======== SUPPLIED RECORDS ========
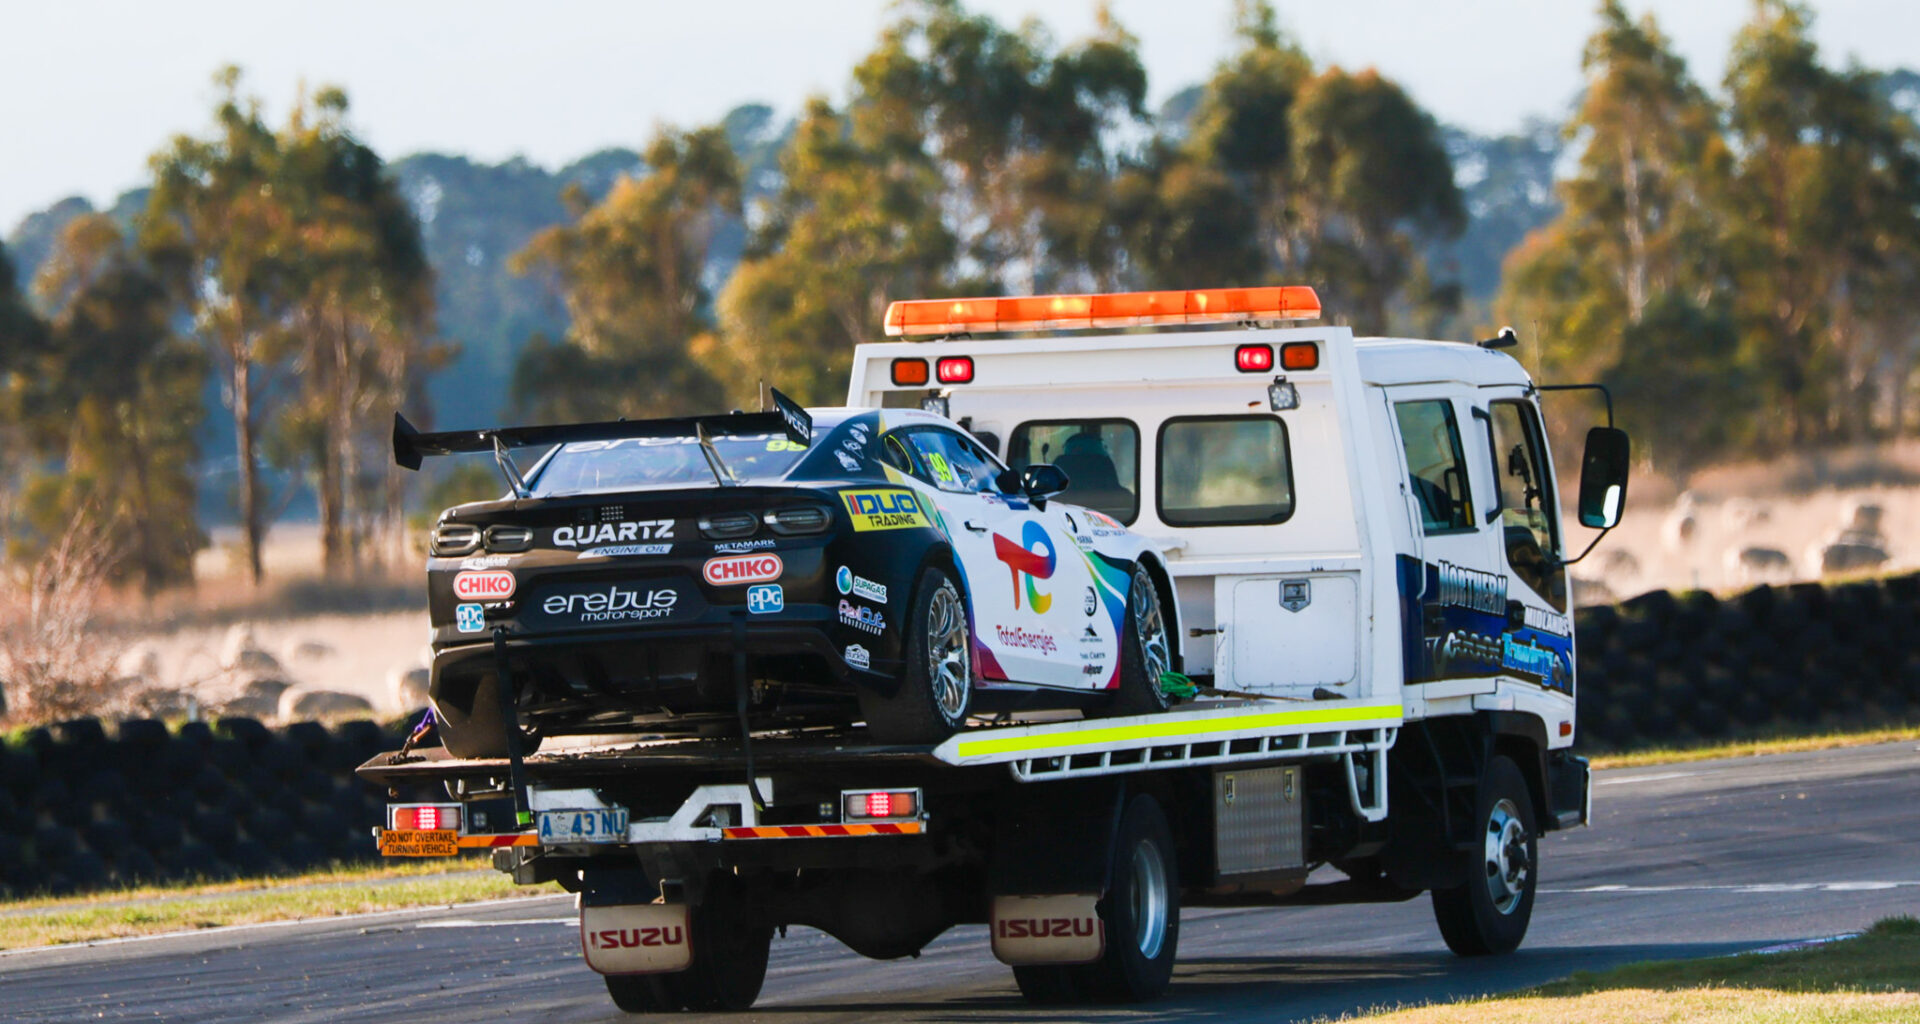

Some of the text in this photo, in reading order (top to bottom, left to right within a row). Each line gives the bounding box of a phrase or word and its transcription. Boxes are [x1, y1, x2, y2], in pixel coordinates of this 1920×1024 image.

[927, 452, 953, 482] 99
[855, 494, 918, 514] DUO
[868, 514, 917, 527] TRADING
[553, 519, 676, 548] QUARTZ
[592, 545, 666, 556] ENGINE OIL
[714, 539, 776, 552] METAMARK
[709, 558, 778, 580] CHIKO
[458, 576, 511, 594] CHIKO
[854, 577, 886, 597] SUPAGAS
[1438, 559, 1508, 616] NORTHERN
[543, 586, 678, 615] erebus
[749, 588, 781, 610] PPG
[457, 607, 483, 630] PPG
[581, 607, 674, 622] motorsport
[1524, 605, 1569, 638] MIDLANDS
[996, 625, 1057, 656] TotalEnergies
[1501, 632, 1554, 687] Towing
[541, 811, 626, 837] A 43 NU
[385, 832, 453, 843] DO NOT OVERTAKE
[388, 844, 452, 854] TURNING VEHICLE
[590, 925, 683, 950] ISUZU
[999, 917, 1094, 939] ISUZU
========
EXERCISE DIRECTIONS: Every line above should be retyped exactly; the pictures do not belong in the copy.

SOLUTION FOR THIS PROBLEM:
Some of the text in this photo, in reading order (top to bottom, left to right within a row). Each line gives the bounding box of a phrase or word and its transcription. Boxes are [x1, y1, x2, y2], in pixel coordinates of this 1920×1024 image.

[927, 452, 953, 482] 99
[855, 494, 918, 514] DUO
[868, 514, 917, 527] TRADING
[553, 519, 676, 548] QUARTZ
[592, 545, 666, 556] ENGINE OIL
[714, 539, 776, 552] METAMARK
[709, 558, 778, 580] CHIKO
[458, 576, 511, 594] CHIKO
[854, 577, 886, 597] SUPAGAS
[1438, 559, 1508, 616] NORTHERN
[543, 586, 678, 615] erebus
[749, 588, 781, 610] PPG
[457, 607, 483, 630] PPG
[581, 607, 674, 622] motorsport
[1524, 605, 1569, 638] MIDLANDS
[996, 625, 1057, 656] TotalEnergies
[1501, 632, 1554, 687] Towing
[541, 811, 626, 837] A 43 NU
[385, 832, 453, 843] DO NOT OVERTAKE
[388, 844, 452, 854] TURNING VEHICLE
[590, 925, 683, 950] ISUZU
[999, 917, 1094, 939] ISUZU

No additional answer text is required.